[Image-backed grounding data]
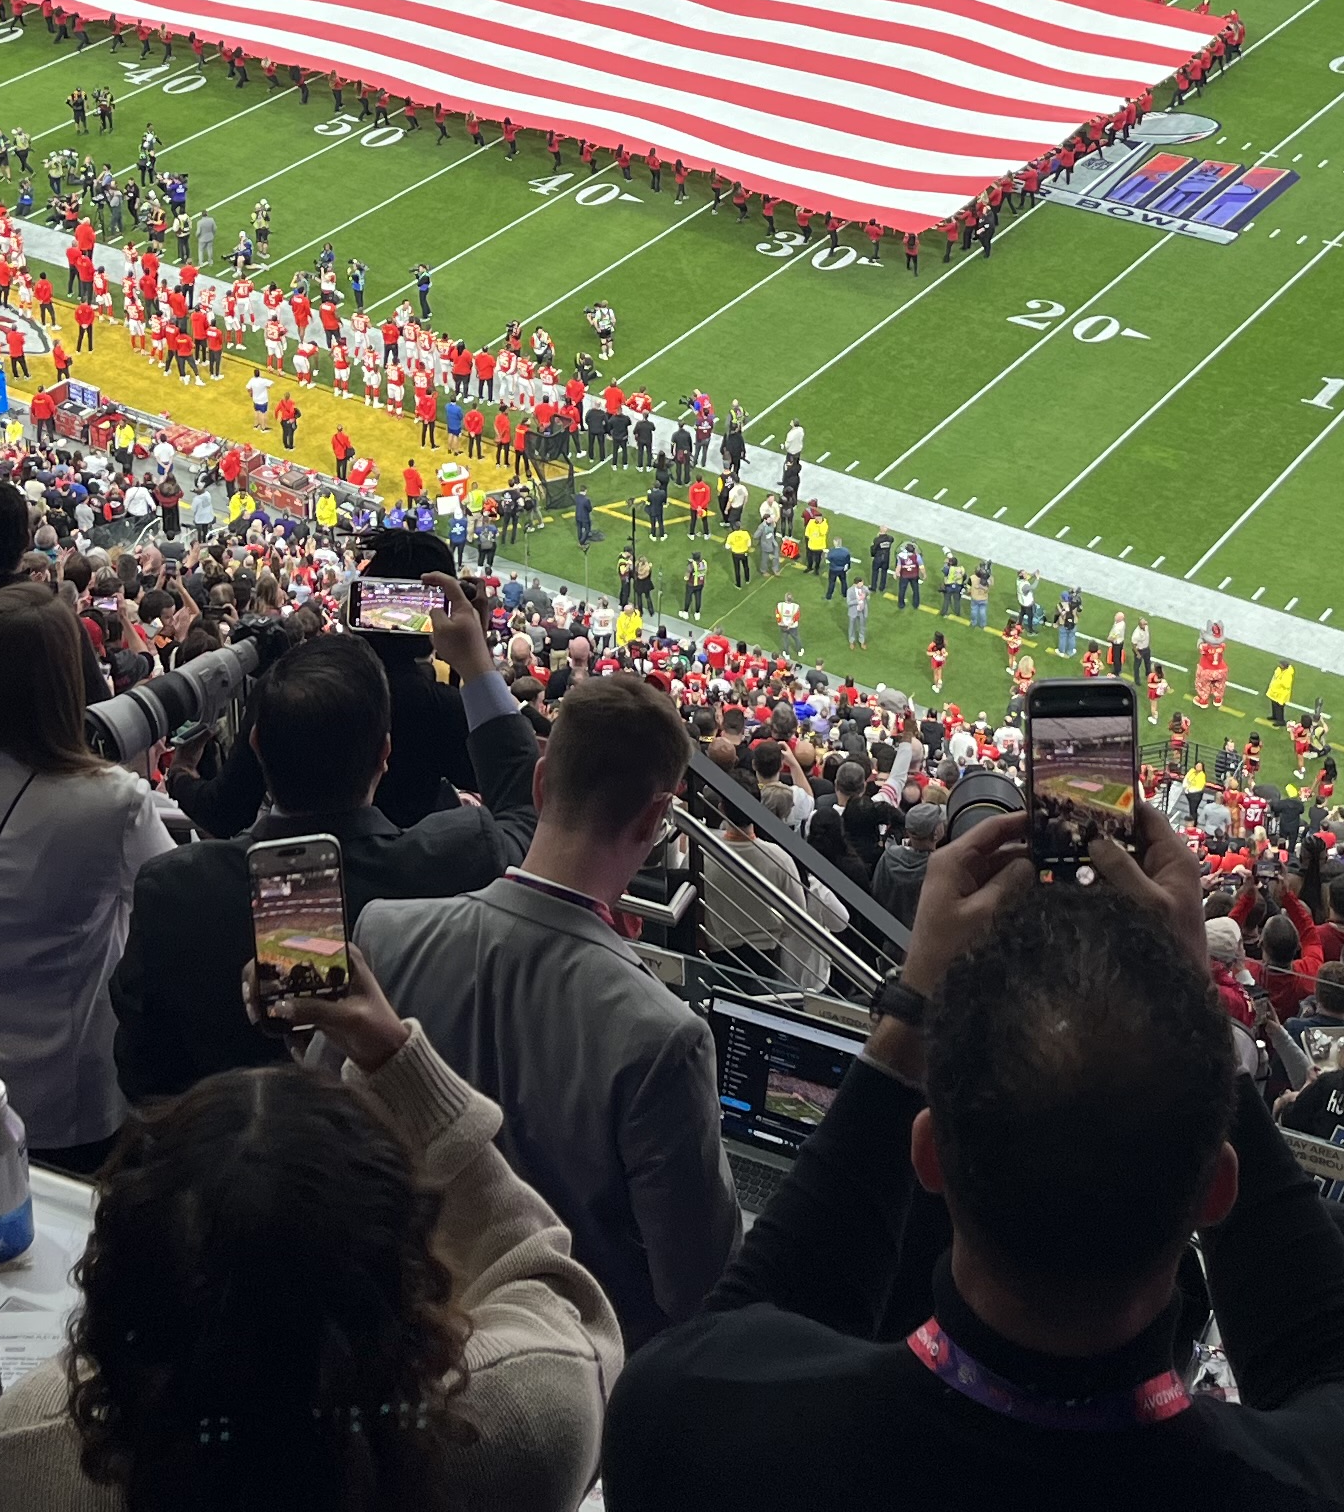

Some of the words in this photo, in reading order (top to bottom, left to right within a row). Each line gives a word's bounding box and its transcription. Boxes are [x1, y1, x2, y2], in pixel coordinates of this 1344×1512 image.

[124, 64, 207, 94] 40
[313, 113, 407, 147] 50
[528, 172, 621, 206] 40
[1075, 198, 1199, 235] BOWL
[756, 230, 857, 271] 30
[1006, 299, 1120, 343] 20
[1246, 808, 1263, 822] 97
[1310, 1143, 1341, 1161] AREA
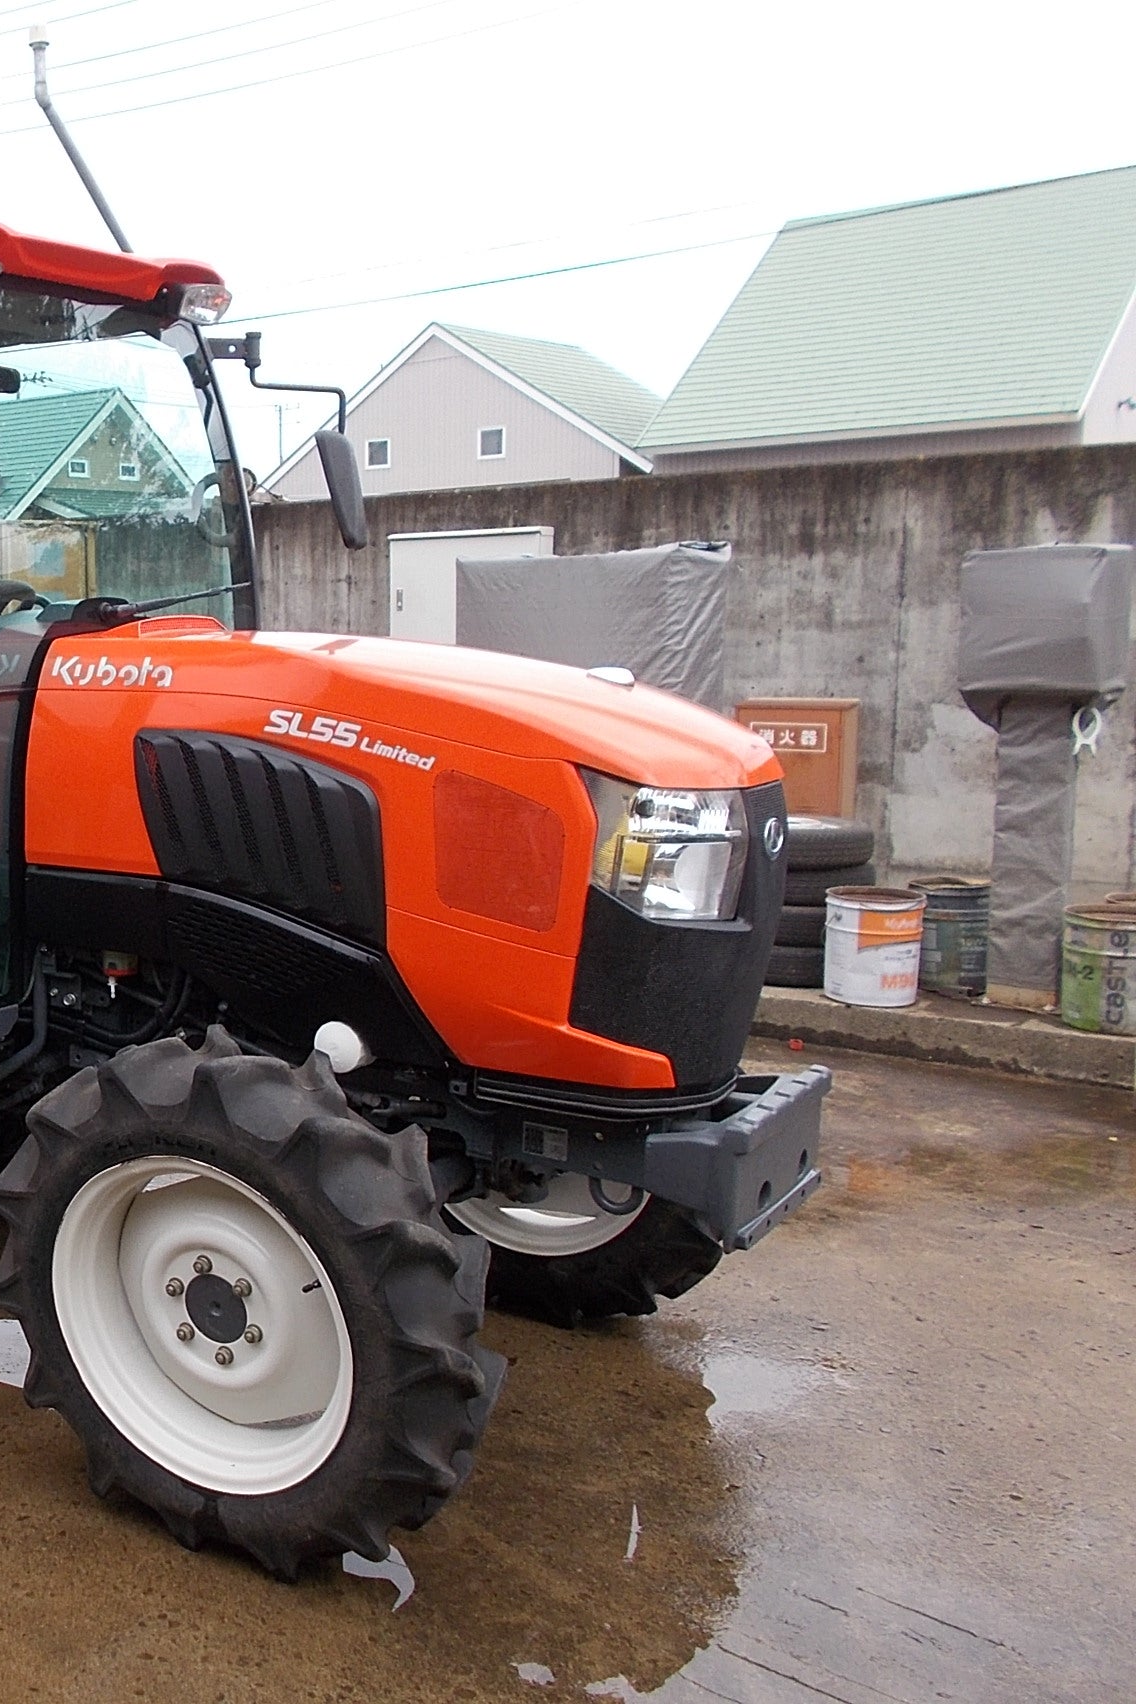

[Goal of the exercise]
Return all of the records above exactly as written. Omit each picture.

[Task output]
Some of the words in this photo, in reading order (top to bottom, left to right within a row). Each line gives a word's bounding box and its transcription. Boxes are [x1, y1, x2, y2], in pixel coordinates of this 1344×1512 image.

[124, 64, 207, 94] 40
[313, 113, 407, 147] 50
[528, 172, 621, 206] 40
[1075, 198, 1199, 235] BOWL
[756, 230, 857, 271] 30
[1006, 299, 1120, 343] 20
[1246, 808, 1263, 822] 97
[1310, 1143, 1341, 1161] AREA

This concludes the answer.